__PROBLEM TO SOLVE__.
Line by line, print the records exactly, and keep images out of the copy.

Referring expression grounding data

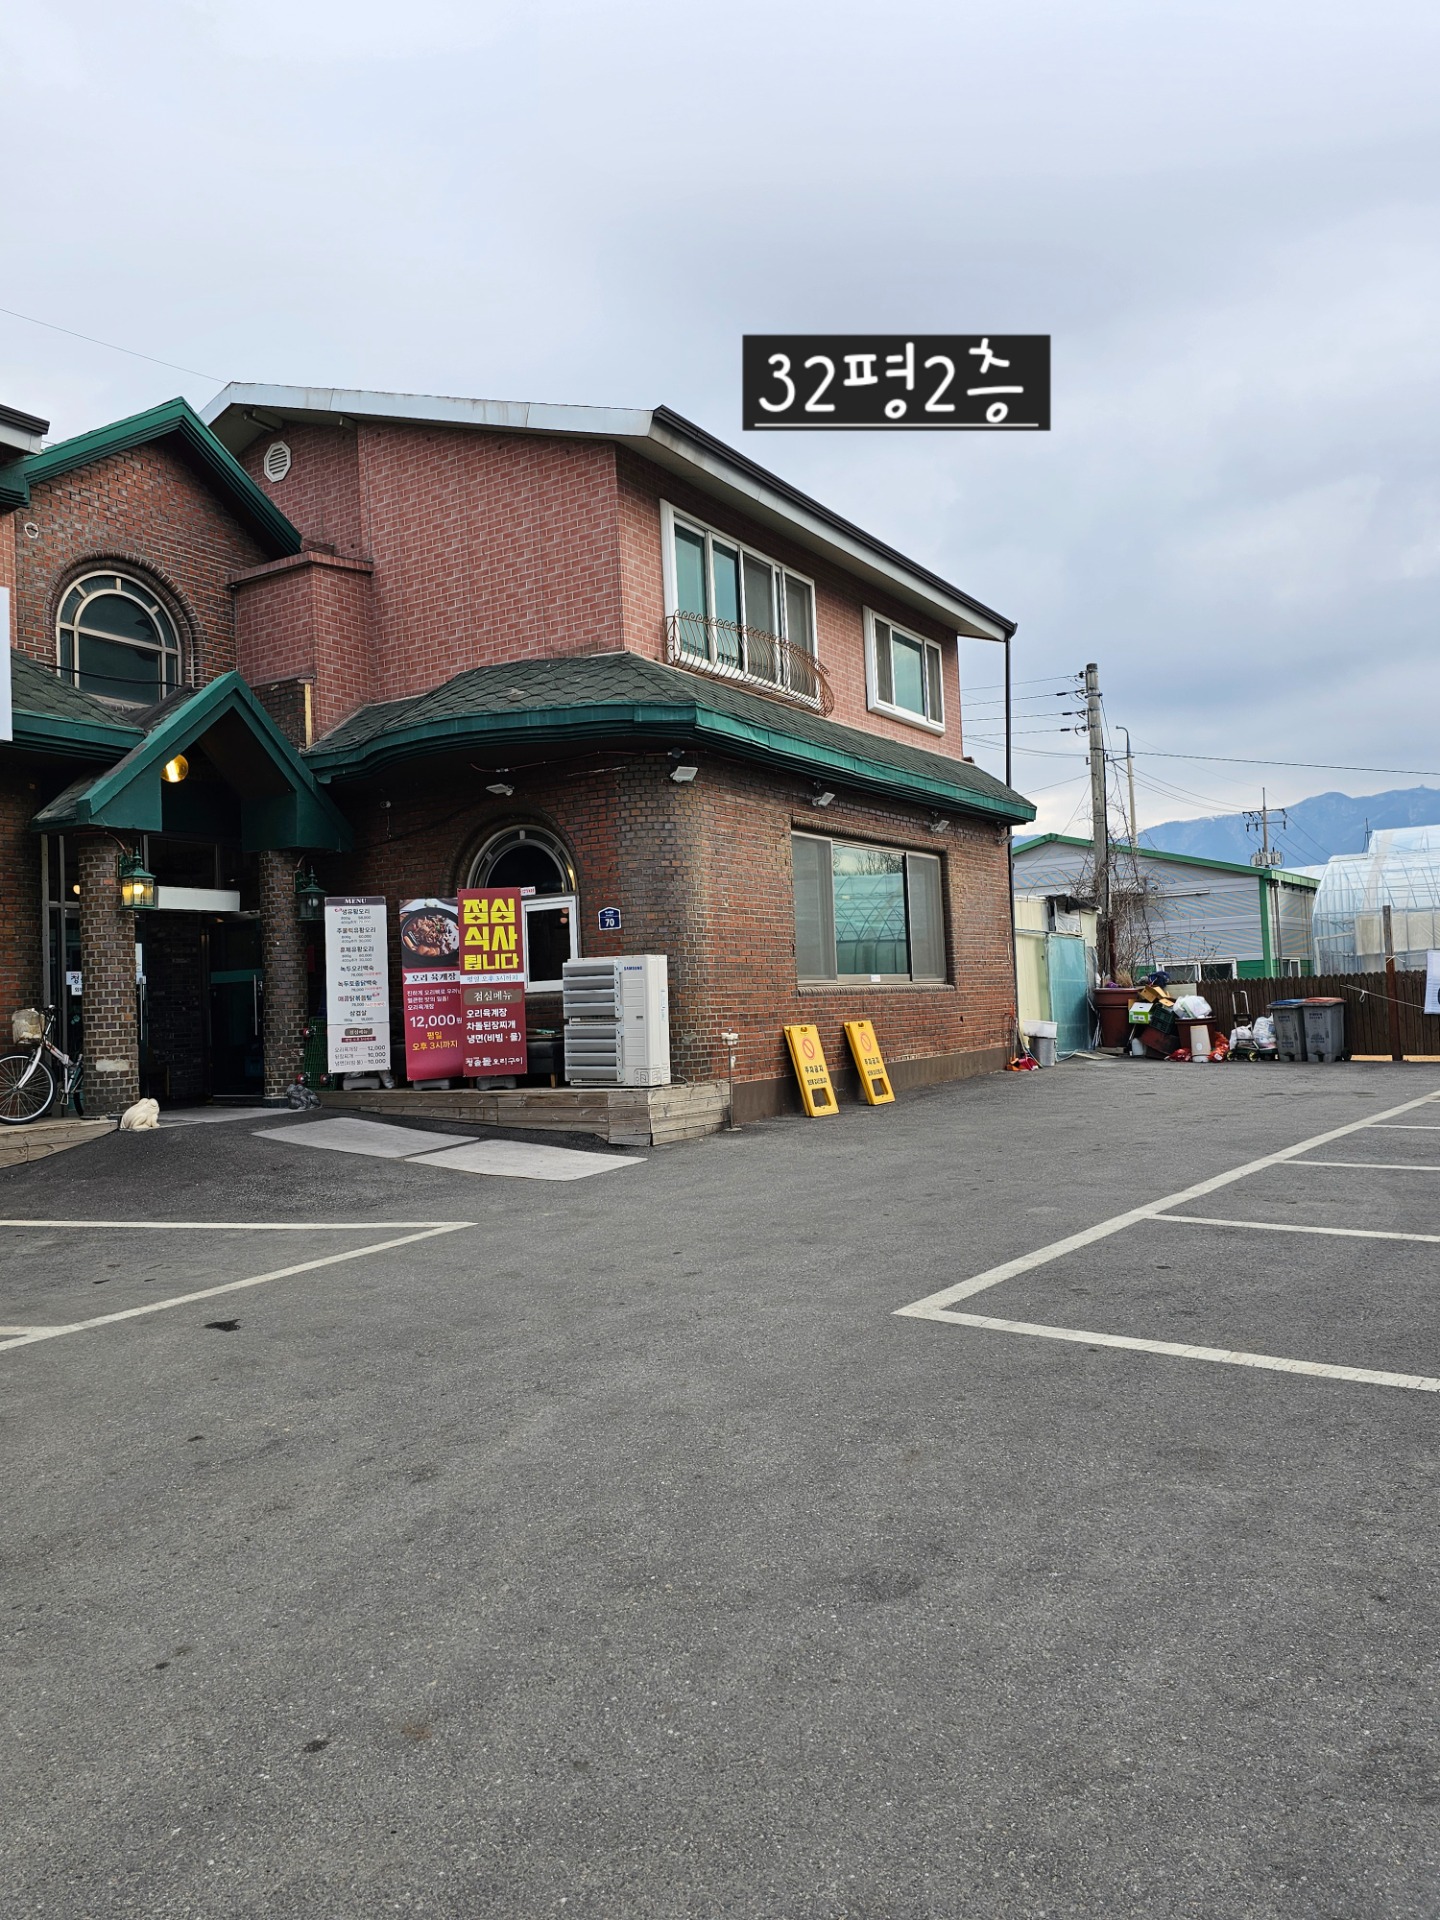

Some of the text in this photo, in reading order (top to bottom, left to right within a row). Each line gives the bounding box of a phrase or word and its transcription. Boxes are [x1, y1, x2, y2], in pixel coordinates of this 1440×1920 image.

[463, 898, 515, 924] 점심
[605, 918, 615, 927] 70
[464, 925, 518, 951] 식사
[464, 953, 519, 970] 됩니다
[412, 974, 428, 982] 오리
[474, 990, 512, 1001] 점심메뉴
[466, 1020, 516, 1031] 차돌된장찌개
[427, 1031, 443, 1040] 평일
[412, 1040, 458, 1051] 오후 3시까지
[804, 1064, 824, 1074] 주차금지

__ANSWER__.
Some of the text in this photo, in reading order (top to bottom, left to right within a row). Each line gives the bounding box of a phrase or word and its transcription. Boxes are [x1, y1, x2, y2], in pixel coordinates of this 1440×1920 image.

[463, 898, 515, 924] 점심
[605, 918, 615, 927] 70
[464, 925, 518, 951] 식사
[464, 953, 519, 970] 됩니다
[412, 974, 428, 982] 오리
[474, 990, 512, 1001] 점심메뉴
[466, 1020, 516, 1031] 차돌된장찌개
[427, 1031, 443, 1040] 평일
[412, 1040, 458, 1051] 오후 3시까지
[804, 1064, 824, 1074] 주차금지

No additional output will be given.